**Data in this exercise**
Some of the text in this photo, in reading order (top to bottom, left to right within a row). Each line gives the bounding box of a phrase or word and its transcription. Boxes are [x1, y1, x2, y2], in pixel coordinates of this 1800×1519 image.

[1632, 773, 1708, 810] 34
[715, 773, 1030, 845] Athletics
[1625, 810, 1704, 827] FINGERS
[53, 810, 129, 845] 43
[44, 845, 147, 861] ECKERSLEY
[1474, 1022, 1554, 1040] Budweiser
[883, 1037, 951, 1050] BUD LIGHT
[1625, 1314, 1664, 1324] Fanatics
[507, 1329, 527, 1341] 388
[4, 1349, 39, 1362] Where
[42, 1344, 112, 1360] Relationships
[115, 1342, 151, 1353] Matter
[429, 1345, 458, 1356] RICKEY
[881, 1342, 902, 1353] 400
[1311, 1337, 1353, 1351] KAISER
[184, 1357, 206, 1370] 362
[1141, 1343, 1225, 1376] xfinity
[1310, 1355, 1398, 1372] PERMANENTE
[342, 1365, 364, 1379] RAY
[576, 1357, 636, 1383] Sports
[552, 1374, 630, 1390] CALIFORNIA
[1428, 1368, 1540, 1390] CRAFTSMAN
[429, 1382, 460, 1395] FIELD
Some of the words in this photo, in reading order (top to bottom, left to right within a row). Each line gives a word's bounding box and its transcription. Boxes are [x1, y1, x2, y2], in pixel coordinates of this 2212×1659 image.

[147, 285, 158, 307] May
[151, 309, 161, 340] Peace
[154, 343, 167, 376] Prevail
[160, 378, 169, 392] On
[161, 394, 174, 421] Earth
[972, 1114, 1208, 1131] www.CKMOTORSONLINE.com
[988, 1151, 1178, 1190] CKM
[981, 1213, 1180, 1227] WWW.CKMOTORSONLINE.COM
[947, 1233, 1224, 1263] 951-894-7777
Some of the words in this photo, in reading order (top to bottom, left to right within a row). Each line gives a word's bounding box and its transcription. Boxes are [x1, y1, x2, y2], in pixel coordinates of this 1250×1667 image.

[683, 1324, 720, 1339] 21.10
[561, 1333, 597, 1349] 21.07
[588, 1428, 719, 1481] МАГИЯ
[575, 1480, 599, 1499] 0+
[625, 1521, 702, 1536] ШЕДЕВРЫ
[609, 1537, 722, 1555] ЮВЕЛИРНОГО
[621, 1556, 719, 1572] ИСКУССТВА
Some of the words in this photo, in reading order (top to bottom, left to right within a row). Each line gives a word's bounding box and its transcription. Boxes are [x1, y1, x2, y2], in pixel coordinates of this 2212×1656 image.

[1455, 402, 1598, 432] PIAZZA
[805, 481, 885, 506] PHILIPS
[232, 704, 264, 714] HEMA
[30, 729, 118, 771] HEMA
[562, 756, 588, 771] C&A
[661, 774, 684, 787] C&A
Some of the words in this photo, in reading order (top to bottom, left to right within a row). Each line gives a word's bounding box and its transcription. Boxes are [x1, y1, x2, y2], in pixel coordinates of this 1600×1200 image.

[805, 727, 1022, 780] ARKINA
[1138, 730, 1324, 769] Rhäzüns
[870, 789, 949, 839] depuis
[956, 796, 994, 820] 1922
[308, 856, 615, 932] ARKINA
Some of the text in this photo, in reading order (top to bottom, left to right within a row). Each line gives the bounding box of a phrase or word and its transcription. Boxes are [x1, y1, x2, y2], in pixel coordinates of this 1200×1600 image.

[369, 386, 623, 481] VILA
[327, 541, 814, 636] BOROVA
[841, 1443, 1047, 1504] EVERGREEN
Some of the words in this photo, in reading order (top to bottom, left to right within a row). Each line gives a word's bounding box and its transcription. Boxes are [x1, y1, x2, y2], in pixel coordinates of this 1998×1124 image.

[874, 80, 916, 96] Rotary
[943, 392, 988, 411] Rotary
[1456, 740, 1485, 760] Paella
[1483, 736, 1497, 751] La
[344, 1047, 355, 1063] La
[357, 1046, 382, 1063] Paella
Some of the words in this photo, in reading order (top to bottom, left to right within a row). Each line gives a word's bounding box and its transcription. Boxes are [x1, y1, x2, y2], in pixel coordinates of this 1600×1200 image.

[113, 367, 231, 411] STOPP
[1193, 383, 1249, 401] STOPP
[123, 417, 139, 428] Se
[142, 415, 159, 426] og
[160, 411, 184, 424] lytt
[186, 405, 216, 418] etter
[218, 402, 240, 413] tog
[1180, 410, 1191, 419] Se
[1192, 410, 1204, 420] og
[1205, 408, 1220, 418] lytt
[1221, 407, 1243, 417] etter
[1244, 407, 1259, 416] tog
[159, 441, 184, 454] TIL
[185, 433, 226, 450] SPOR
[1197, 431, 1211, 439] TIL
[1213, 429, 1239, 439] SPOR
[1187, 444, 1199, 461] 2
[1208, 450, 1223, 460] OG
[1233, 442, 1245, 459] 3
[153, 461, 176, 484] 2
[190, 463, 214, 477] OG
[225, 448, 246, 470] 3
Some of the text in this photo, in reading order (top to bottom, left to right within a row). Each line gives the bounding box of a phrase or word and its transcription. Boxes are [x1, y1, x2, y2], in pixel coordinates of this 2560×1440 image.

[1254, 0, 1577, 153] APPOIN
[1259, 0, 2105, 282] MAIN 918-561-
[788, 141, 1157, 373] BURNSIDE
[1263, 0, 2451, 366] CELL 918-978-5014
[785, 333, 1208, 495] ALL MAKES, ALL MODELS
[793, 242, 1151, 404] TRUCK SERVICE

**Work to complete**
Output each record above exactly, omitting nothing.

**The answer**
Some of the text in this photo, in reading order (top to bottom, left to right within a row). Each line gives the bounding box of a phrase or word and its transcription. Boxes are [x1, y1, x2, y2], in pixel coordinates of this 1800×1519 image.

[1632, 773, 1708, 810] 34
[715, 773, 1030, 845] Athletics
[1625, 810, 1704, 827] FINGERS
[53, 810, 129, 845] 43
[44, 845, 147, 861] ECKERSLEY
[1474, 1022, 1554, 1040] Budweiser
[883, 1037, 951, 1050] BUD LIGHT
[1625, 1314, 1664, 1324] Fanatics
[507, 1329, 527, 1341] 388
[4, 1349, 39, 1362] Where
[42, 1344, 112, 1360] Relationships
[115, 1342, 151, 1353] Matter
[429, 1345, 458, 1356] RICKEY
[881, 1342, 902, 1353] 400
[1311, 1337, 1353, 1351] KAISER
[184, 1357, 206, 1370] 362
[1141, 1343, 1225, 1376] xfinity
[1310, 1355, 1398, 1372] PERMANENTE
[342, 1365, 364, 1379] RAY
[576, 1357, 636, 1383] Sports
[552, 1374, 630, 1390] CALIFORNIA
[1428, 1368, 1540, 1390] CRAFTSMAN
[429, 1382, 460, 1395] FIELD
Some of the words in this photo, in reading order (top to bottom, left to right within a row). Each line gives a word's bounding box and its transcription. Boxes are [x1, y1, x2, y2], in pixel coordinates of this 2212×1659 image.

[147, 285, 158, 307] May
[151, 309, 161, 340] Peace
[154, 343, 167, 376] Prevail
[160, 378, 169, 392] On
[161, 394, 174, 421] Earth
[972, 1114, 1208, 1131] www.CKMOTORSONLINE.com
[988, 1151, 1178, 1190] CKM
[981, 1213, 1180, 1227] WWW.CKMOTORSONLINE.COM
[947, 1233, 1224, 1263] 951-894-7777
Some of the words in this photo, in reading order (top to bottom, left to right within a row). Each line gives a word's bounding box and its transcription. Boxes are [x1, y1, x2, y2], in pixel coordinates of this 1250×1667 image.

[683, 1324, 720, 1339] 21.10
[561, 1333, 597, 1349] 21.07
[588, 1428, 719, 1481] МАГИЯ
[575, 1480, 599, 1499] 0+
[625, 1521, 702, 1536] ШЕДЕВРЫ
[609, 1537, 722, 1555] ЮВЕЛИРНОГО
[621, 1556, 719, 1572] ИСКУССТВА
Some of the words in this photo, in reading order (top to bottom, left to right within a row). Each line gives a word's bounding box and its transcription. Boxes are [x1, y1, x2, y2], in pixel coordinates of this 2212×1656 image.

[1455, 402, 1598, 432] PIAZZA
[805, 481, 885, 506] PHILIPS
[232, 704, 264, 714] HEMA
[30, 729, 118, 771] HEMA
[562, 756, 588, 771] C&A
[661, 774, 684, 787] C&A
Some of the words in this photo, in reading order (top to bottom, left to right within a row). Each line gives a word's bounding box and its transcription. Boxes are [x1, y1, x2, y2], in pixel coordinates of this 1600×1200 image.

[805, 727, 1022, 780] ARKINA
[1138, 730, 1324, 769] Rhäzüns
[870, 789, 949, 839] depuis
[956, 796, 994, 820] 1922
[308, 856, 615, 932] ARKINA
Some of the text in this photo, in reading order (top to bottom, left to right within a row). Each line gives the bounding box of a phrase or word and its transcription. Boxes are [x1, y1, x2, y2], in pixel coordinates of this 1200×1600 image.

[369, 386, 623, 481] VILA
[327, 541, 814, 636] BOROVA
[841, 1443, 1047, 1504] EVERGREEN
Some of the words in this photo, in reading order (top to bottom, left to right within a row). Each line gives a word's bounding box and its transcription. Boxes are [x1, y1, x2, y2], in pixel coordinates of this 1998×1124 image.

[874, 80, 916, 96] Rotary
[943, 392, 988, 411] Rotary
[1456, 740, 1485, 760] Paella
[1483, 736, 1497, 751] La
[344, 1047, 355, 1063] La
[357, 1046, 382, 1063] Paella
Some of the words in this photo, in reading order (top to bottom, left to right within a row). Each line gives a word's bounding box and its transcription. Boxes are [x1, y1, x2, y2], in pixel coordinates of this 1600×1200 image.

[113, 367, 231, 411] STOPP
[1193, 383, 1249, 401] STOPP
[123, 417, 139, 428] Se
[142, 415, 159, 426] og
[160, 411, 184, 424] lytt
[186, 405, 216, 418] etter
[218, 402, 240, 413] tog
[1180, 410, 1191, 419] Se
[1192, 410, 1204, 420] og
[1205, 408, 1220, 418] lytt
[1221, 407, 1243, 417] etter
[1244, 407, 1259, 416] tog
[159, 441, 184, 454] TIL
[185, 433, 226, 450] SPOR
[1197, 431, 1211, 439] TIL
[1213, 429, 1239, 439] SPOR
[1187, 444, 1199, 461] 2
[1208, 450, 1223, 460] OG
[1233, 442, 1245, 459] 3
[153, 461, 176, 484] 2
[190, 463, 214, 477] OG
[225, 448, 246, 470] 3
Some of the text in this photo, in reading order (top to bottom, left to right within a row). Each line gives the bounding box of a phrase or word and its transcription. Boxes are [x1, y1, x2, y2], in pixel coordinates of this 2560×1440 image.

[1254, 0, 1577, 153] APPOIN
[1259, 0, 2105, 282] MAIN 918-561-
[788, 141, 1157, 373] BURNSIDE
[1263, 0, 2451, 366] CELL 918-978-5014
[785, 333, 1208, 495] ALL MAKES, ALL MODELS
[793, 242, 1151, 404] TRUCK SERVICE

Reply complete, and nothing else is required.